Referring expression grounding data
BEGIN

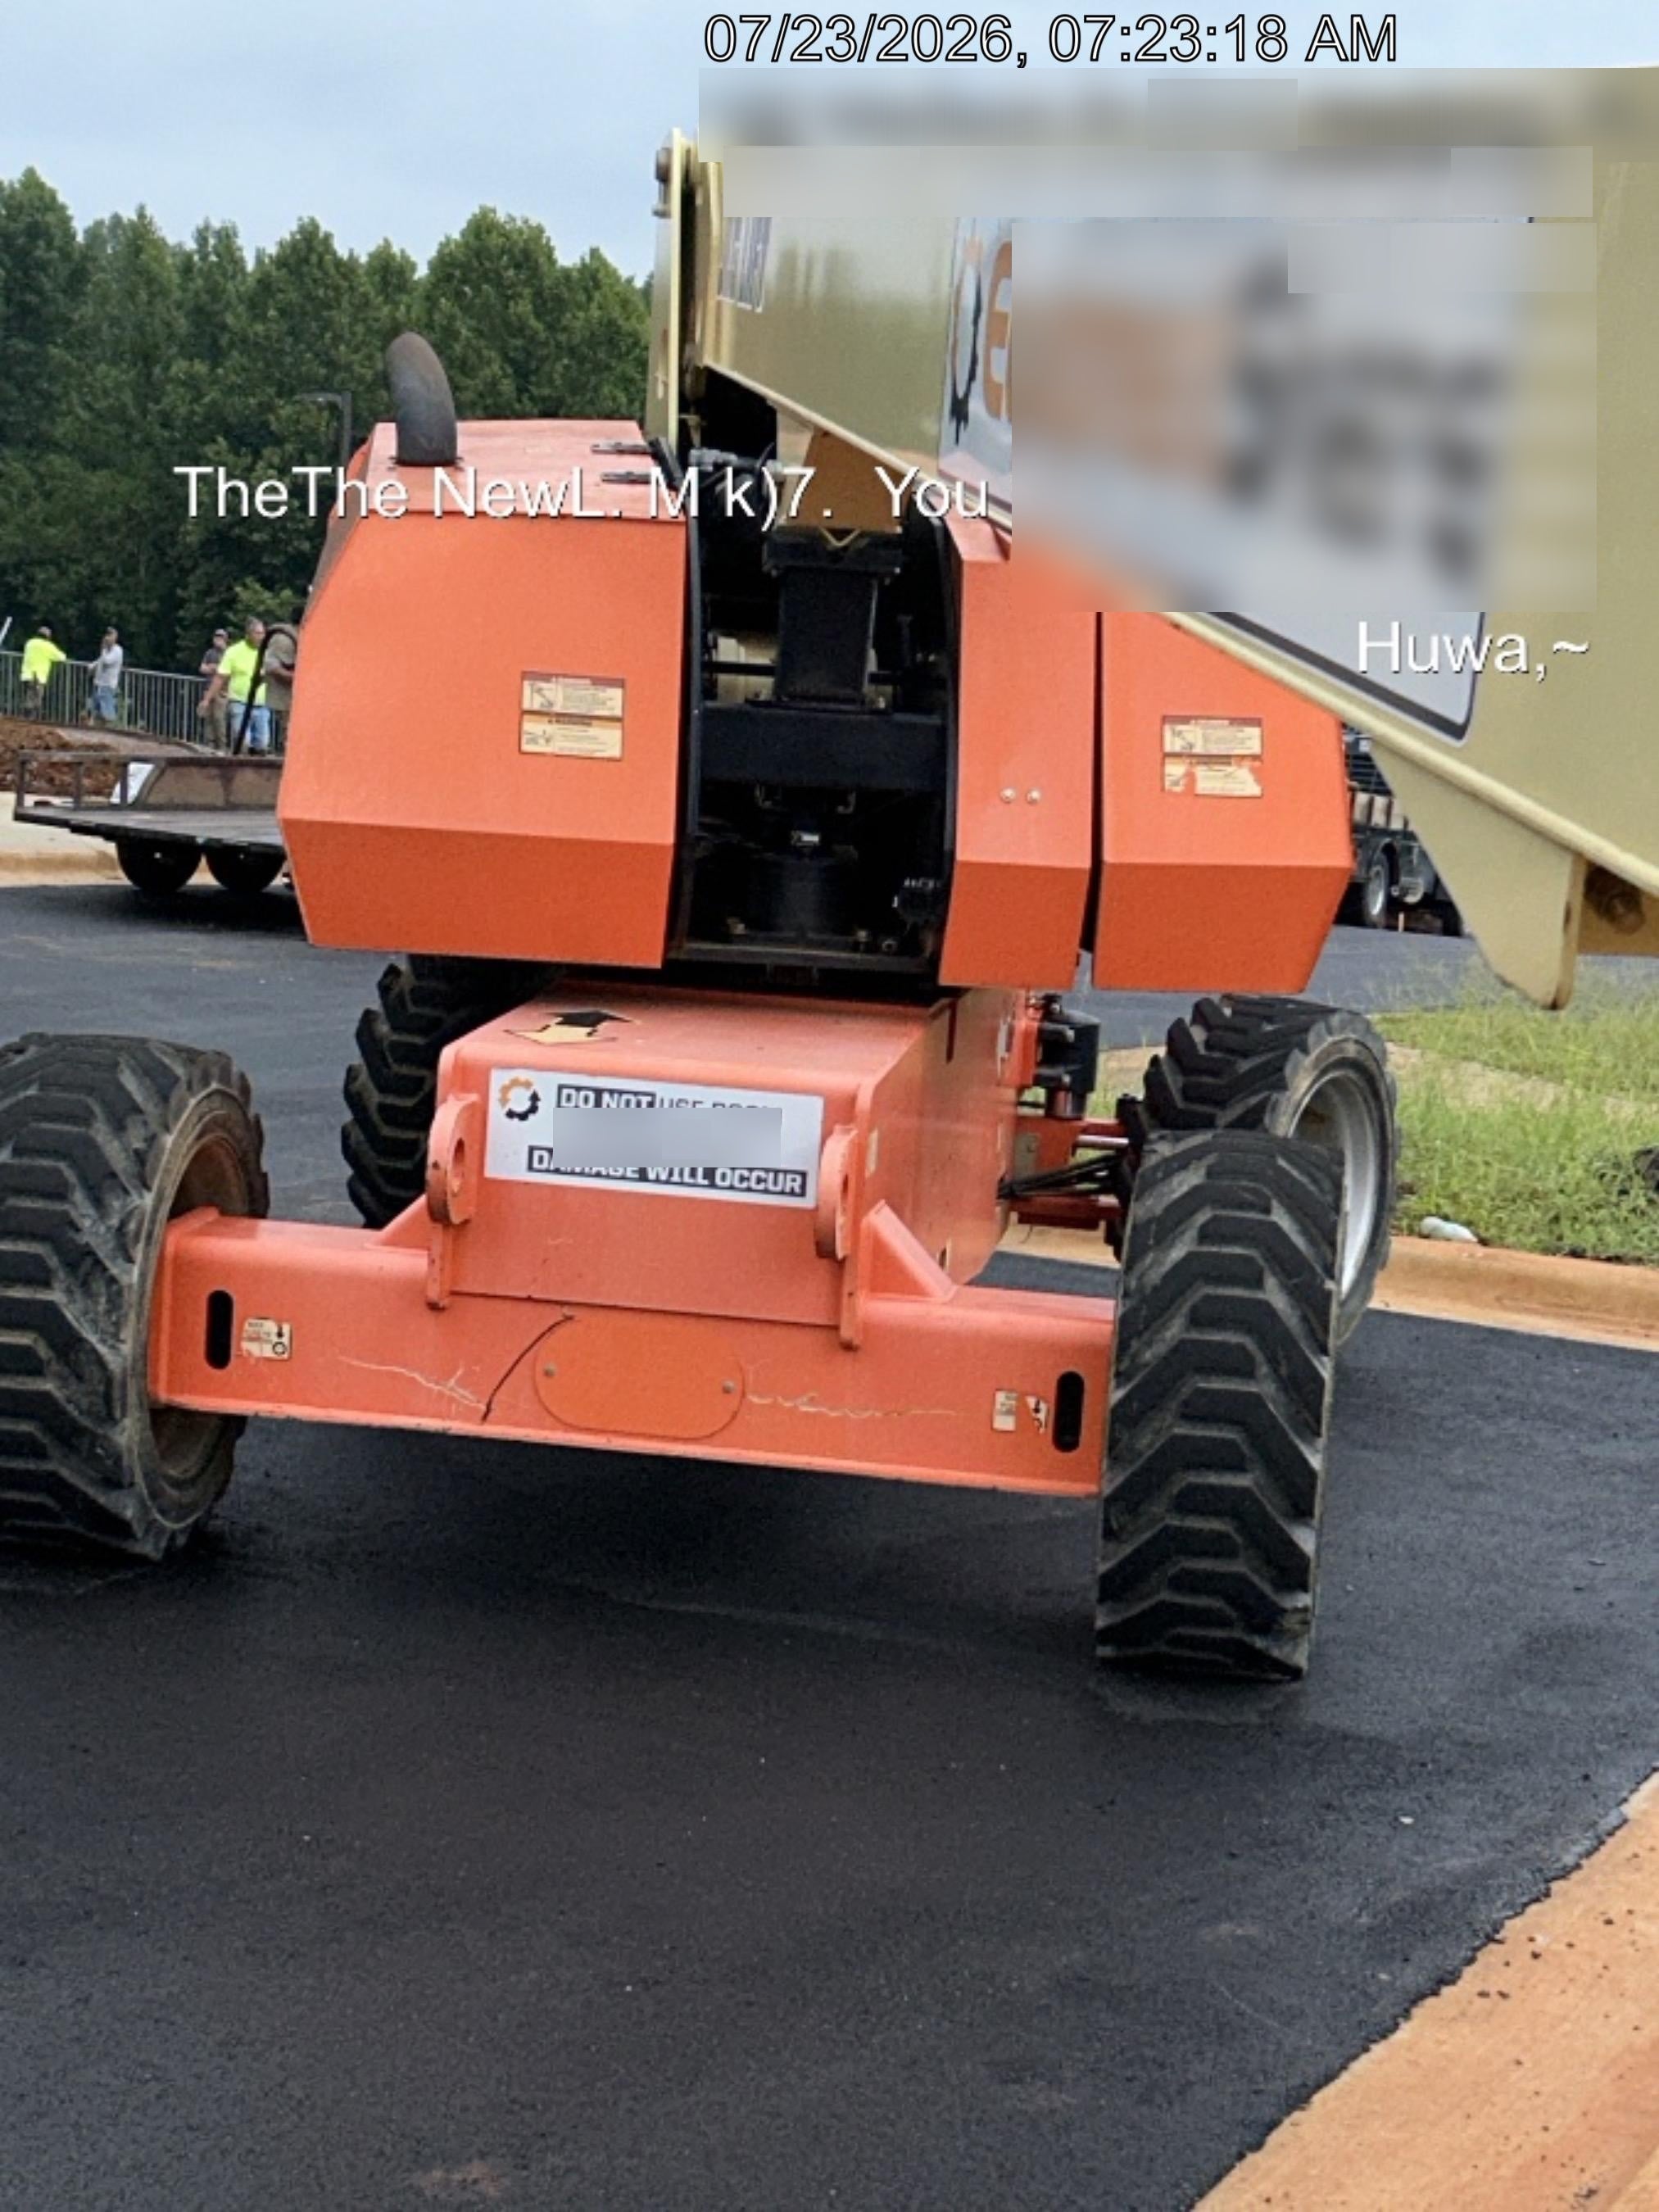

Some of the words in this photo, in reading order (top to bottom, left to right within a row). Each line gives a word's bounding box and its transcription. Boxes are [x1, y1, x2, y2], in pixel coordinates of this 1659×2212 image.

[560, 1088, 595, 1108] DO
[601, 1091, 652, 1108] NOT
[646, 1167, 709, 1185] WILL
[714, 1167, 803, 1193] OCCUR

END

None of the images should be copied, but every entry must be given again exactly.

Some of the words in this photo, in reading order (top to bottom, left to right within a row). Each line gives a word's bounding box and its transcription. Boxes are [x1, y1, x2, y2], in pixel coordinates of this 1659×2212 image.

[560, 1088, 595, 1108] DO
[601, 1091, 652, 1108] NOT
[646, 1167, 709, 1185] WILL
[714, 1167, 803, 1193] OCCUR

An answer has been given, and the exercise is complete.